Real-life example: A couple in Santa Monica used to hike Temescal Canyon together every Sunday. Now they spend weekends in separate rooms with separate screens. Neither has suggested stopping. Neither has suggested starting again.
How couples therapy helps: Beyond the emotional work, therapists help couples deliberately rebuild shared rituals and experiences — the small, consistent moments that renew connection over time.
11. Parenting Disagreements Are Affecting Your Relationship
Parenting is one of the most common sources of deep relational conflict — and one of the most underaddressed. Different backgrounds, different values, and different stress responses collide daily around children. When parenting disagreements become frequent, heated, or begin happening in front of the kids, the whole family system is affected.
Real-life example: A couple in Santa Monica disagrees fundamentally about screen time, discipline, and schooling decisions. Every conversation about their children becomes a referendum on whose values are “right.” Their kids are beginning to notice the tension.
How couples therapy helps: A therapist helps partners align on a shared parenting philosophy, navigate disagreements constructively, and protect their children from becoming caught in adult conflict.
12. External Stressors Are Overwhelming the Relationship
Santa Monica life comes with particular pressures: entertainment industry volatility, startup founder stress, the anxiety of sky-high rent, social comparison, and the relentless pace of LA culture. External stress doesn’t stay external — it bleeds into the relationship, amplifies minor irritants, and depletes the emotional resources partners need to be good to each other.
Real-life example: A couple where both partners work in the entertainment industry find that their relationship has essentially become a stress transfer station. They come home depleted and take it out on each other. There’s no soft landing in their shared space.
How couples therapy helps: Couples therapy creates a dedicated space to process external stressors together — building the partnership into a source of support rather than additional pressure. This is a key focus of couples counseling in Santa Monica given the city’s specific lifestyle demands.

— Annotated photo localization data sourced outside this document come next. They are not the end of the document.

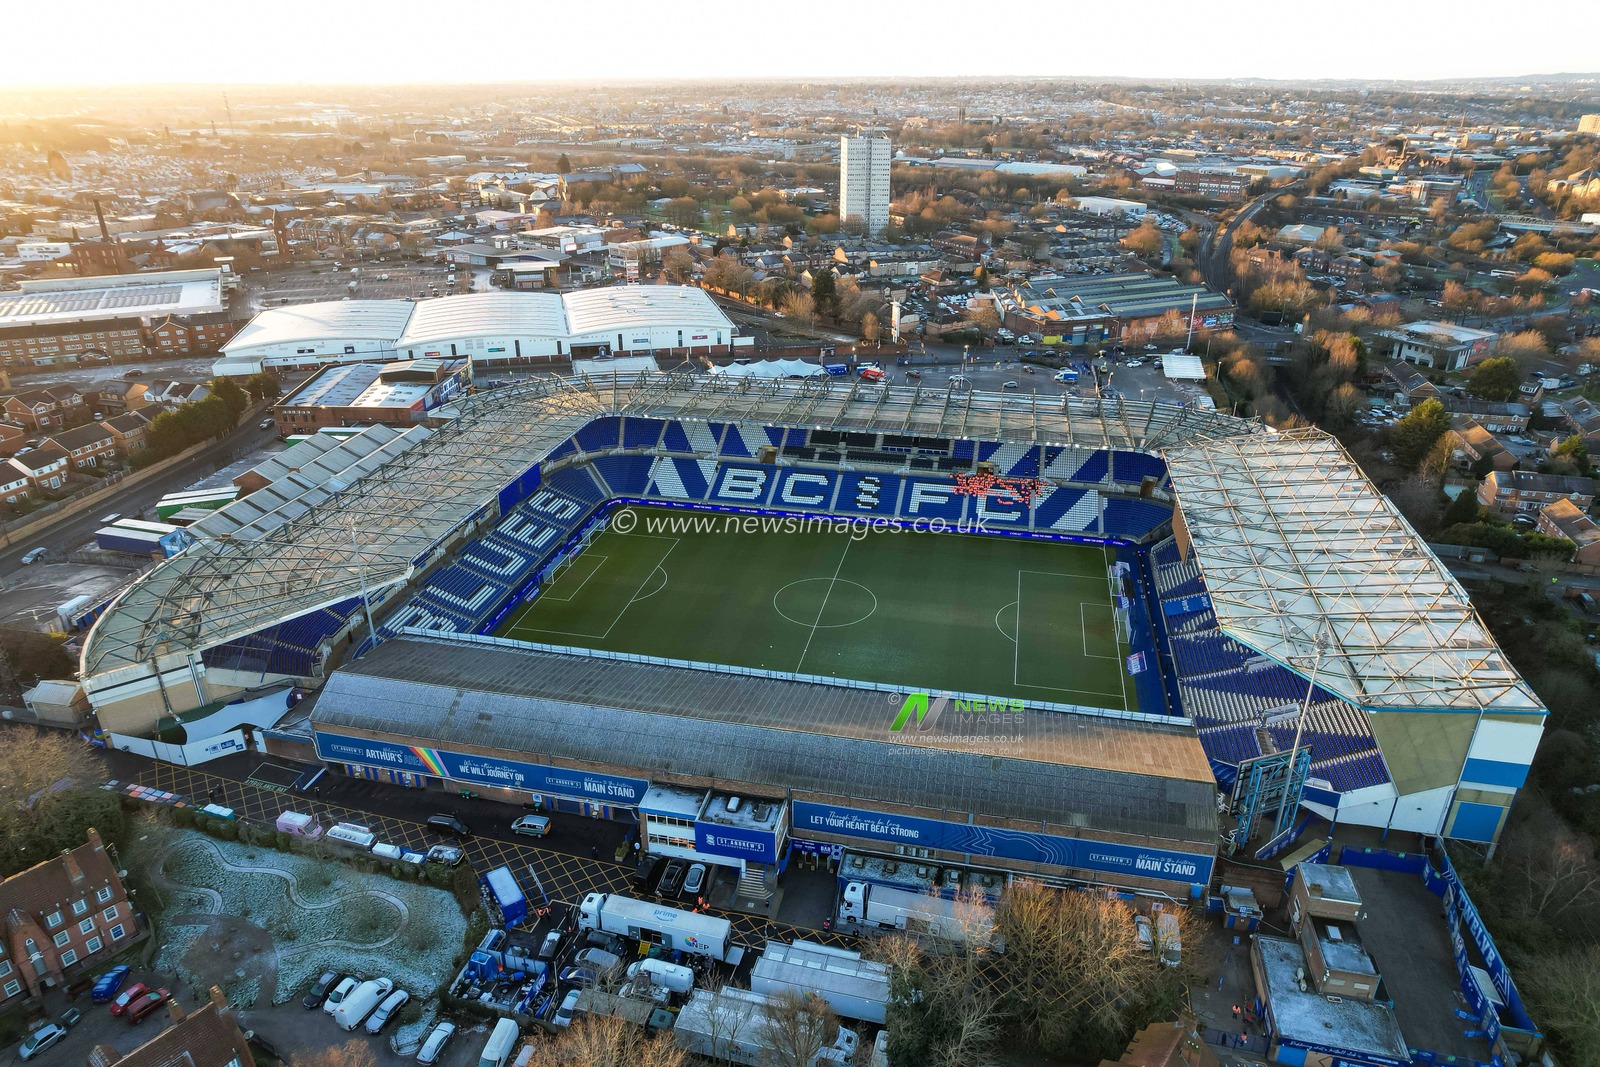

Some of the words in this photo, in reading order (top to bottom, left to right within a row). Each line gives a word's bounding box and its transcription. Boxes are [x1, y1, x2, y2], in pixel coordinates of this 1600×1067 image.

[365, 749, 403, 763] ARTHUR'S
[459, 764, 471, 774] WE
[471, 766, 486, 776] WILL
[486, 768, 514, 780] JOURNEY
[515, 773, 525, 782] ON
[584, 782, 607, 794] MAIN
[607, 786, 635, 799] STAND
[810, 815, 825, 825] LET
[825, 817, 845, 829] YOUR
[847, 820, 870, 832] HEART
[870, 823, 889, 835] BEAT
[890, 826, 919, 839] STRONG
[1135, 858, 1161, 872] MAIN
[1163, 861, 1196, 876] STAND
[654, 908, 678, 919] prime
[1457, 888, 1496, 969] TWELVE
[693, 941, 710, 951] NEP

13. You or Your Partner Has Mental Health Challenges
Depression, anxiety, ADHD, trauma history, or other mental health conditions don’t stay neatly contained within one person. They affect the relationship’s communication, intimacy, conflict patterns, and emotional load distribution. When one partner is struggling, both partners are navigating the impact.
Real-life example: A man in Santa Monica lives with untreated anxiety that makes him avoidant and emotionally unavailable during stress periods. His partner feels abandoned and chronically unsupported. He feels attacked for something he can’t entirely control. Both are right.

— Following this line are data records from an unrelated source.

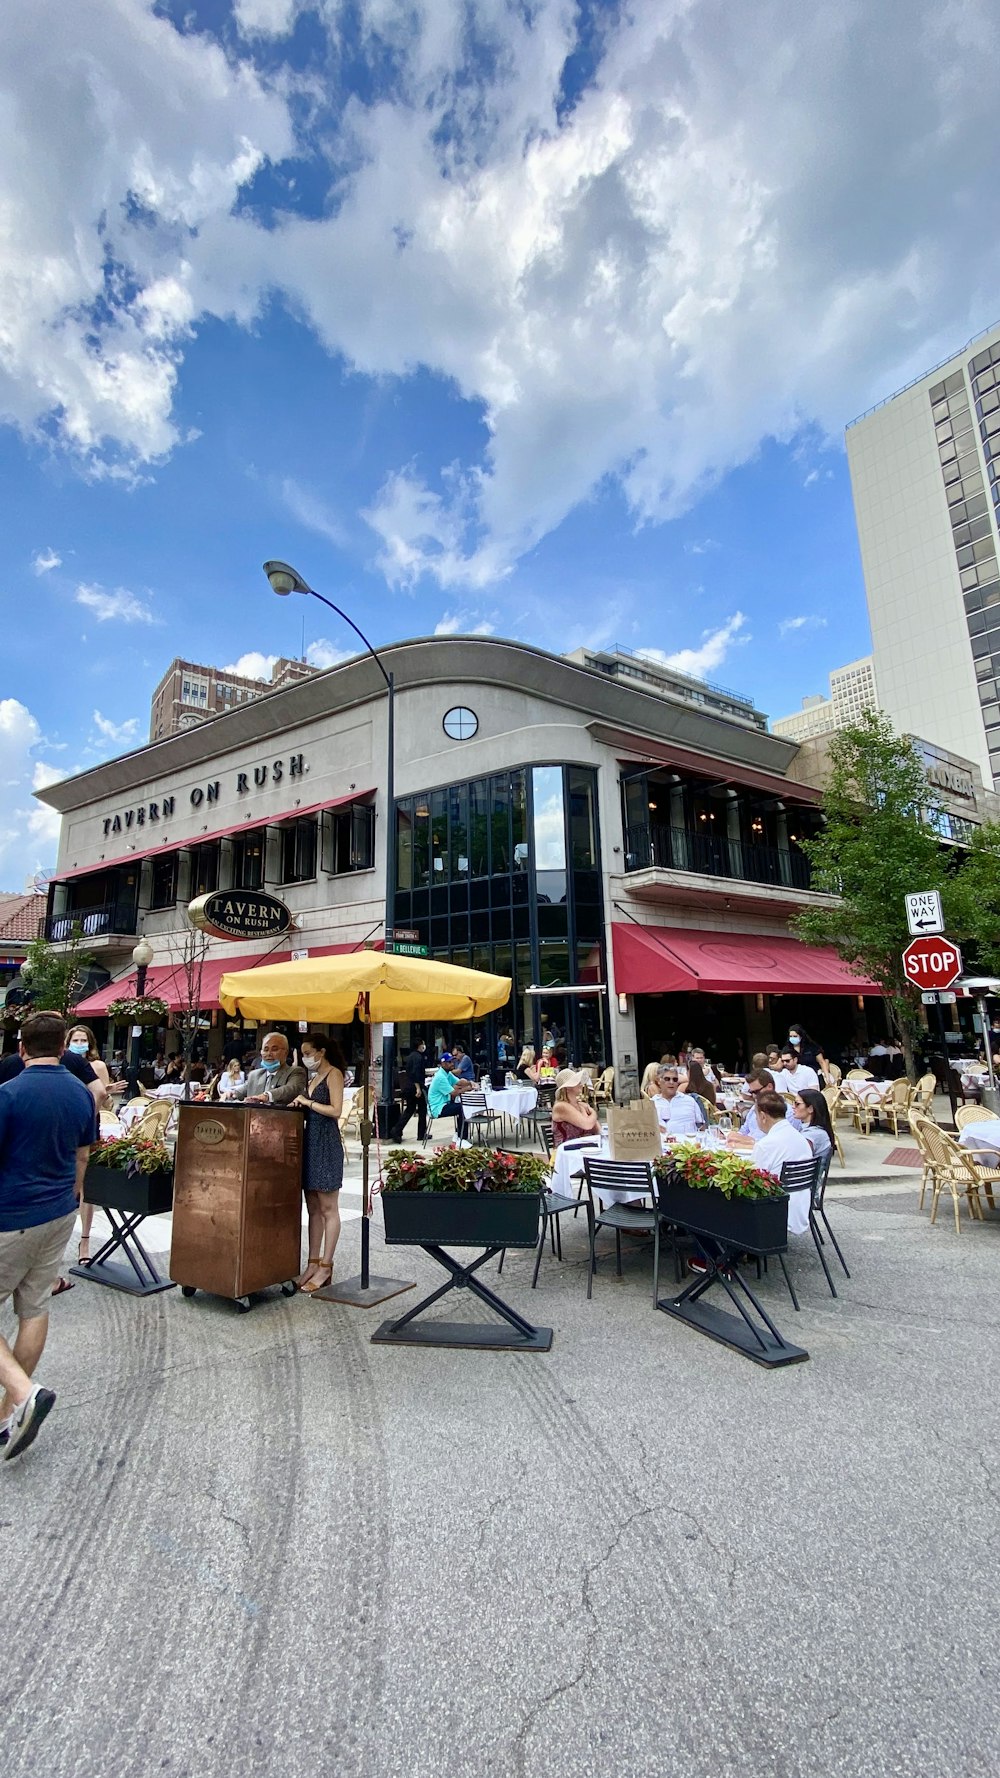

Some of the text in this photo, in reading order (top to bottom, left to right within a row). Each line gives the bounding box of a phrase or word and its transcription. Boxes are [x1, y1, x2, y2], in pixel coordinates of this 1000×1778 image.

[927, 767, 976, 799] LUXBAR
[102, 753, 304, 835] TAVERN ON RUSH
[910, 895, 935, 907] ONE
[211, 899, 281, 920] TAVERN
[911, 906, 936, 918] WAY
[226, 915, 269, 928] ON RUSH
[220, 922, 247, 936] EXCITING
[400, 944, 421, 954] BELLEVUE
[907, 951, 955, 974] STOP
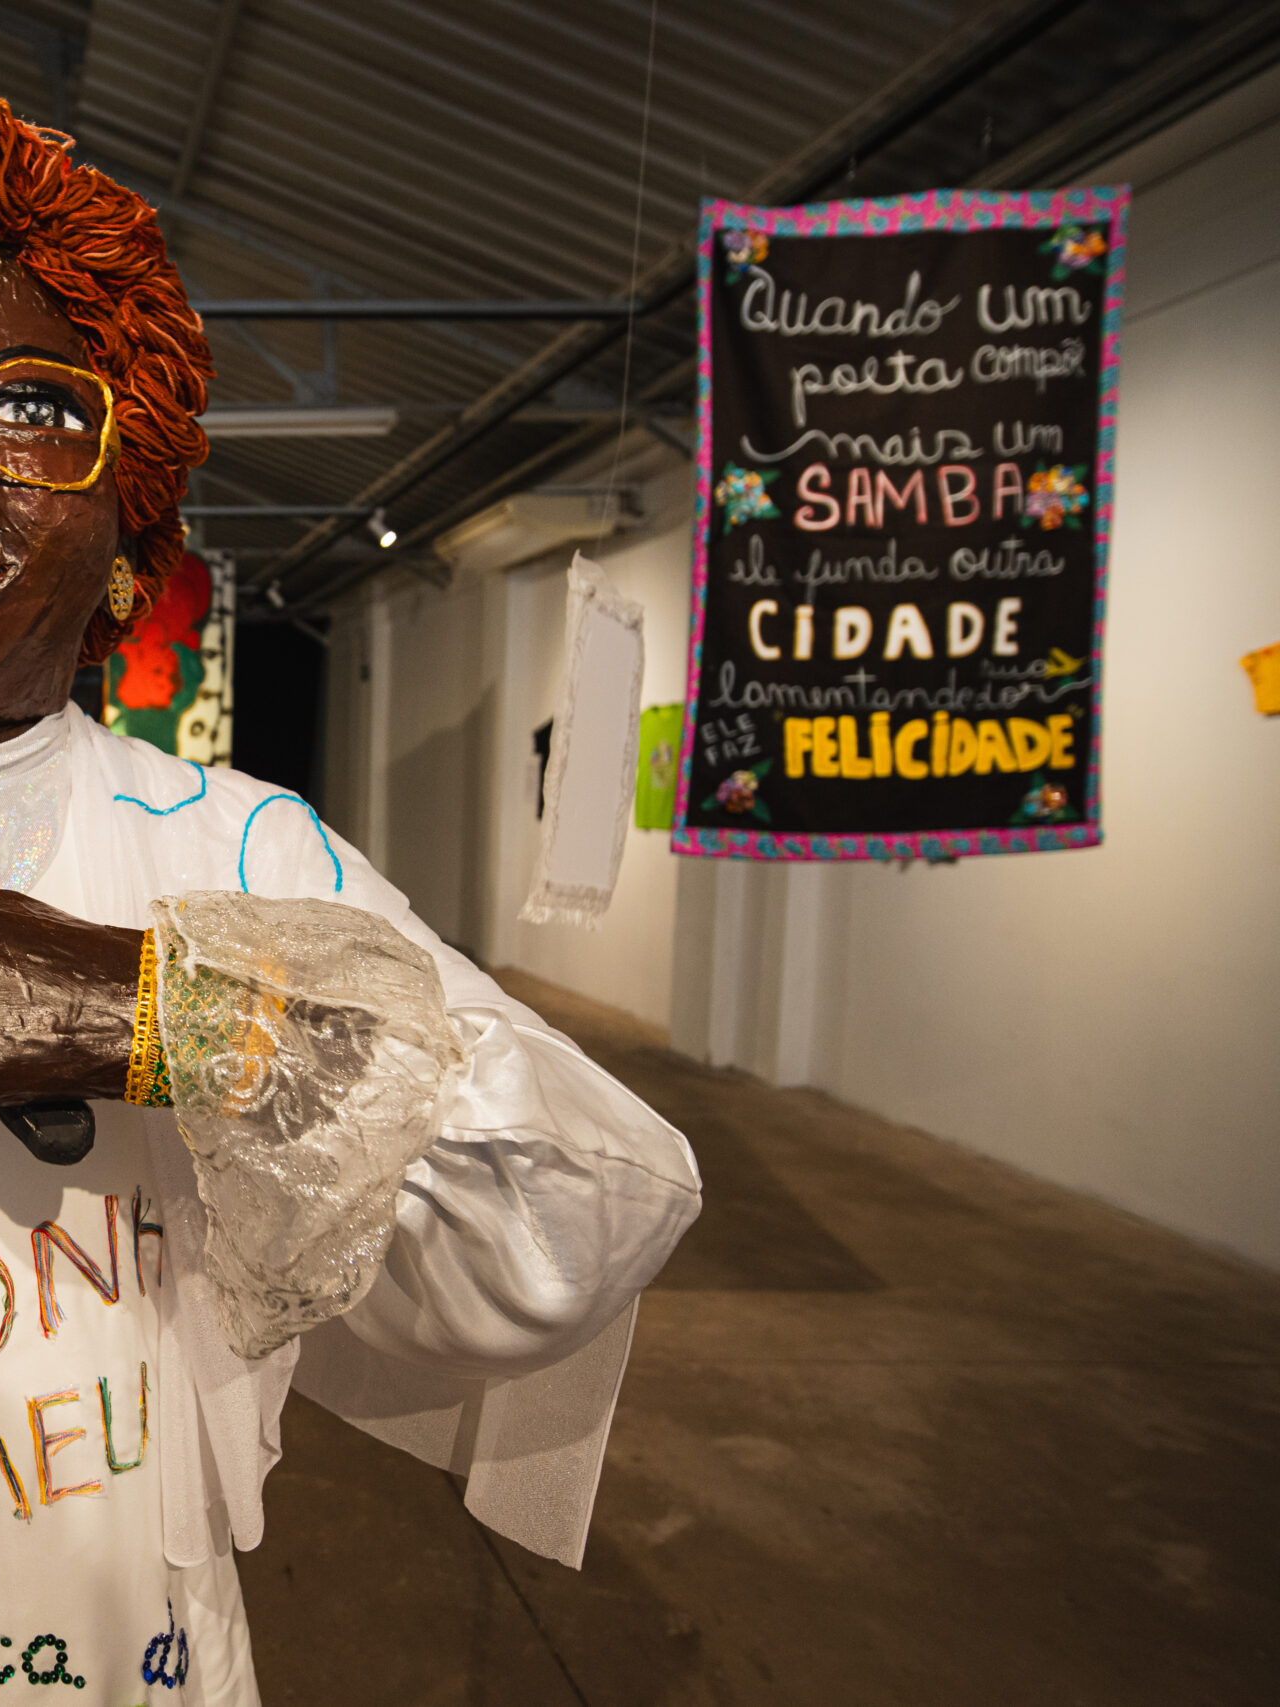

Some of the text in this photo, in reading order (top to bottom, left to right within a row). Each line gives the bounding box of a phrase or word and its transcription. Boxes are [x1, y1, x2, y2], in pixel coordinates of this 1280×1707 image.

[740, 265, 1093, 337] Quando um
[790, 350, 964, 428] poeta
[740, 420, 1064, 466] mais um
[793, 462, 1023, 532] SAMBA
[948, 533, 1066, 580] outra
[747, 596, 1022, 662] CIDADE
[700, 712, 756, 745] ELE
[782, 710, 1077, 780] FELICIDADE

How couples therapy helps: A skilled therapist helps the couple understand how mental health conditions affect relational dynamics and develop strategies that support both the individual and the partnership — without either person becoming the other’s therapist.

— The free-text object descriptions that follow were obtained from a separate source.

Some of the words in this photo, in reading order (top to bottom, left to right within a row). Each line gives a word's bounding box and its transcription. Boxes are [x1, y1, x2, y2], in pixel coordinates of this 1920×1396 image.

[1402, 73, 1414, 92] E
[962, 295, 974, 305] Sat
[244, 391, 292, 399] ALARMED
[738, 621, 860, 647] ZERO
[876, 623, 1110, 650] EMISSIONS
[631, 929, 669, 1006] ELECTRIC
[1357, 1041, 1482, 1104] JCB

14. You Handle Conflict by Avoiding It Entirely
Conflict avoidance might seem like keeping the peace. In reality, unaddressed conflict accumulates silently — building resentment, calcifying unmet needs, and creating a relationship where honesty isn’t safe. If your relationship’s apparent calm is built on a foundation of things never said, that foundation is fragile.
Real-life example: A couple in Santa Monica prides themselves on “never fighting.” What they don’t acknowledge is that one partner consistently capitulates to avoid tension, and the growing resentment is starting to show up as emotional withdrawal.
How couples therapy helps: Therapists help conflict-avoidant couples develop the safety and skills to have honest, productive conversations — without those conversations feeling threatening or destructive.
15. Cultural, Religious, or Values Differences Are Creating Division
Interfaith relationships, cross-cultural partnerships, and couples with significantly different political or social values face unique relational challenges — especially when those differences become more pronounced over time or in response to world events.
Real-life example: A couple in Santa Monica — one raised in a traditional religious household, the other secular — find that as they discuss having children, the differences in their worldviews feel less like interesting diversity and more like an unbridgeable chasm.
How couples therapy helps: A culturally competent therapist helps couples develop genuine respect for difference, identify shared values as a foundation, and navigate decisions where their backgrounds diverge — without either partner having to erase who they are.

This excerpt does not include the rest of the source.